IndieFake Dataset: A Benchmark Dataset for Audio Deepfake Detection
Abhay Kumar, Kunal Verma, Omkar More

TL;DR
The IndieFake Dataset provides a diverse, balanced audio deepfake benchmark with South-Asian speakers, addressing limitations of existing datasets and improving detection model robustness across ethnicities.
Contribution
This work introduces the IndieFake Dataset, featuring diverse Indian speakers, balanced data, and speaker-level info, filling gaps in existing audio deepfake datasets.
Findings
IFD outperforms existing datasets in deepfake detection tasks.
Models trained on IFD generalize better across diverse accents.
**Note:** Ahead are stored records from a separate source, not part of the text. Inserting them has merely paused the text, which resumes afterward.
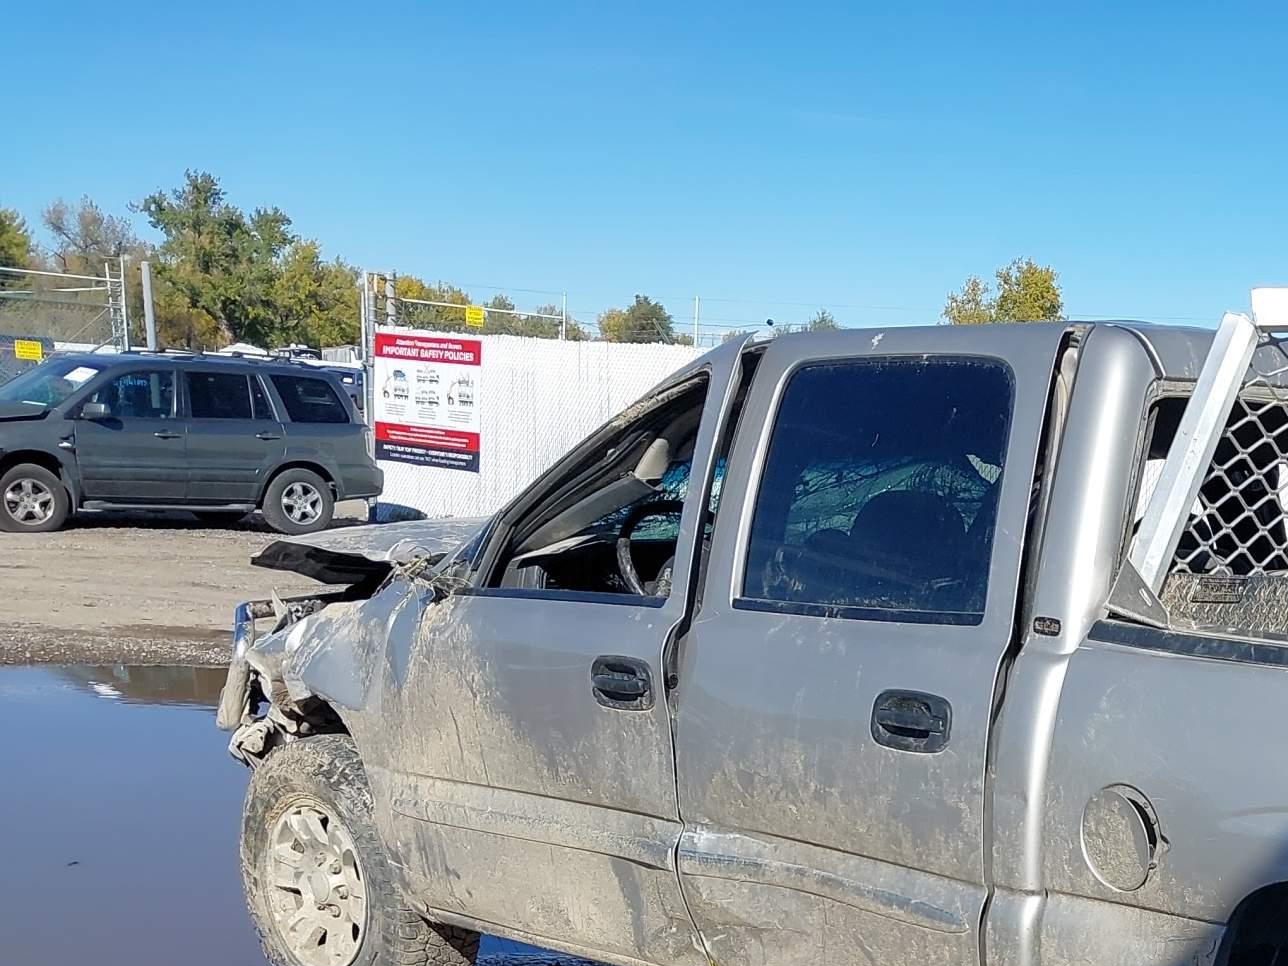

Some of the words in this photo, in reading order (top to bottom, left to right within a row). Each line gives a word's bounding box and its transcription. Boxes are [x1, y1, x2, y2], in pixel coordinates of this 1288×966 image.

[383, 345, 419, 358] IMPORTANT
[420, 348, 444, 359] SAFETY
[444, 350, 474, 362] POLICIES
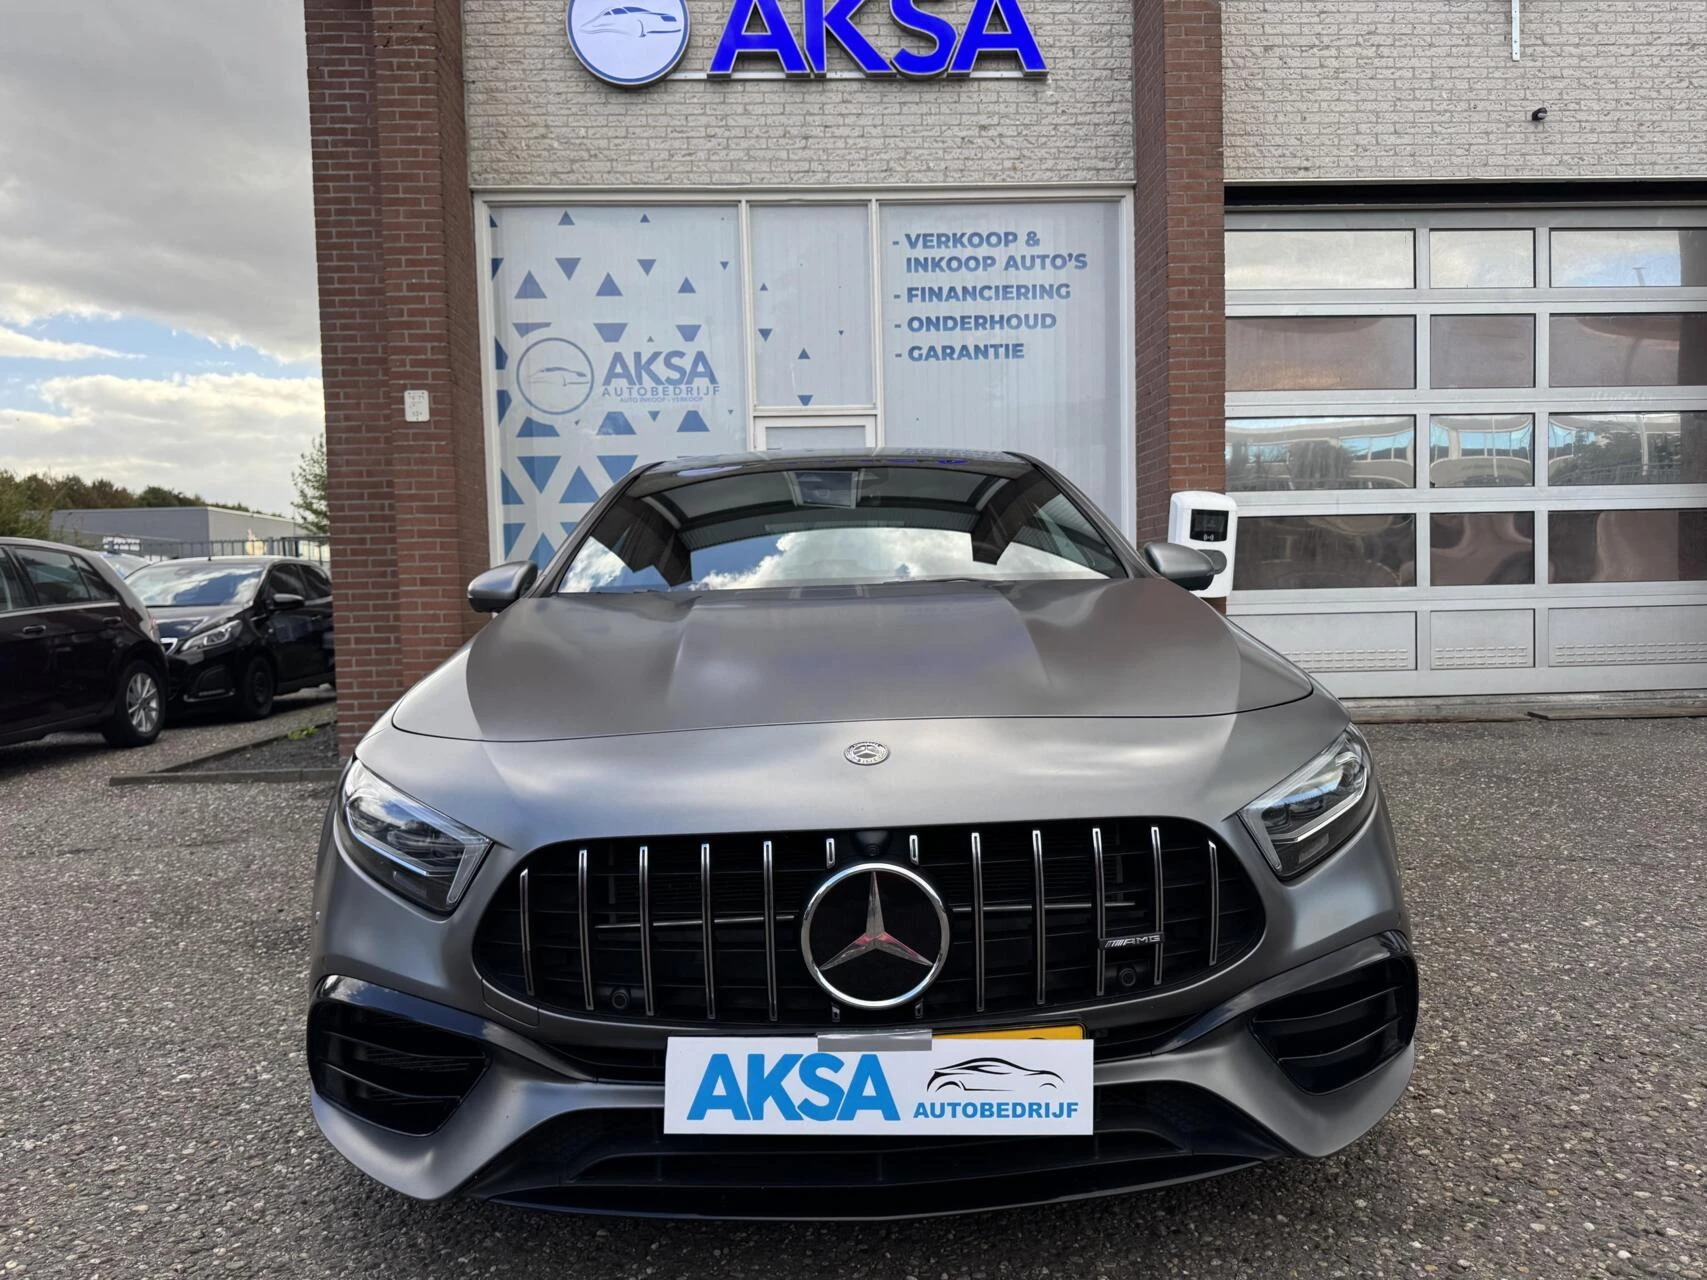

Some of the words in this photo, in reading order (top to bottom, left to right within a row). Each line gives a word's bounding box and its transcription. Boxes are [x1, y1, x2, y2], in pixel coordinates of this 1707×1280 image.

[707, 0, 1050, 79] AKSA
[904, 231, 1018, 249] VERKOOP
[1024, 230, 1040, 247] &
[905, 255, 997, 273] INKOOP
[906, 283, 1071, 303] FINANCIERING
[907, 313, 1057, 332] ONDERHOUD
[907, 343, 1025, 362] GARANTIE
[602, 350, 719, 386] AKSA
[602, 385, 720, 397] AUTOBEDRIJF
[686, 1052, 901, 1122] AKSA
[912, 1101, 1079, 1119] AUTOBEDRIJF
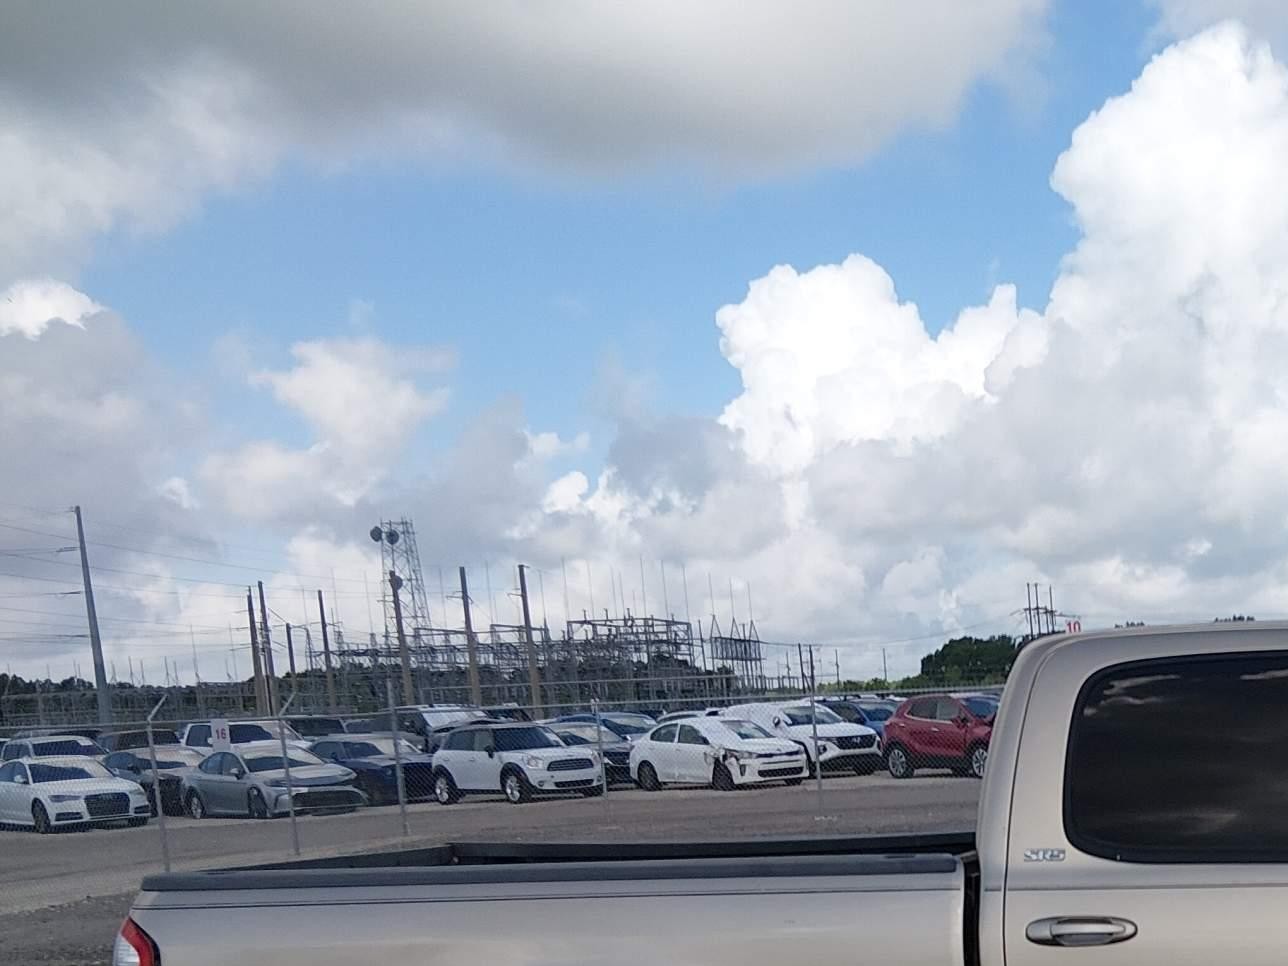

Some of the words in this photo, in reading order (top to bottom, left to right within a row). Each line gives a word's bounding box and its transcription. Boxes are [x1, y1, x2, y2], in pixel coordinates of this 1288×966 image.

IFD is more challenging than benchmark ITW dataset.
Abstract
Advancements in audio deepfake technology offers benefits like AI assistants, better accessibility for speech impairments, and enhanced entertainment. However, it also poses significant risks to security, privacy, and trust in digital communications. Detecting and mitigating these threats requires comprehensive datasets. Existing datasets lack diverse ethnic accents, making them inadequate for many real-world scenarios. Consequently, models trained on these datasets struggle to detect audio deepfakes in diverse linguistic and cultural contexts such as in South-Asian countries. Ironically, there is a stark lack of South-Asian speaker samples in the existing datasets despite constituting a quarter of the worlds population. This work introduces the IndieFake Dataset (IFD), featuring 27.17 hours of bonafide and deepfake audio from 50 English speaking Indian speakers. IFD offers balanced…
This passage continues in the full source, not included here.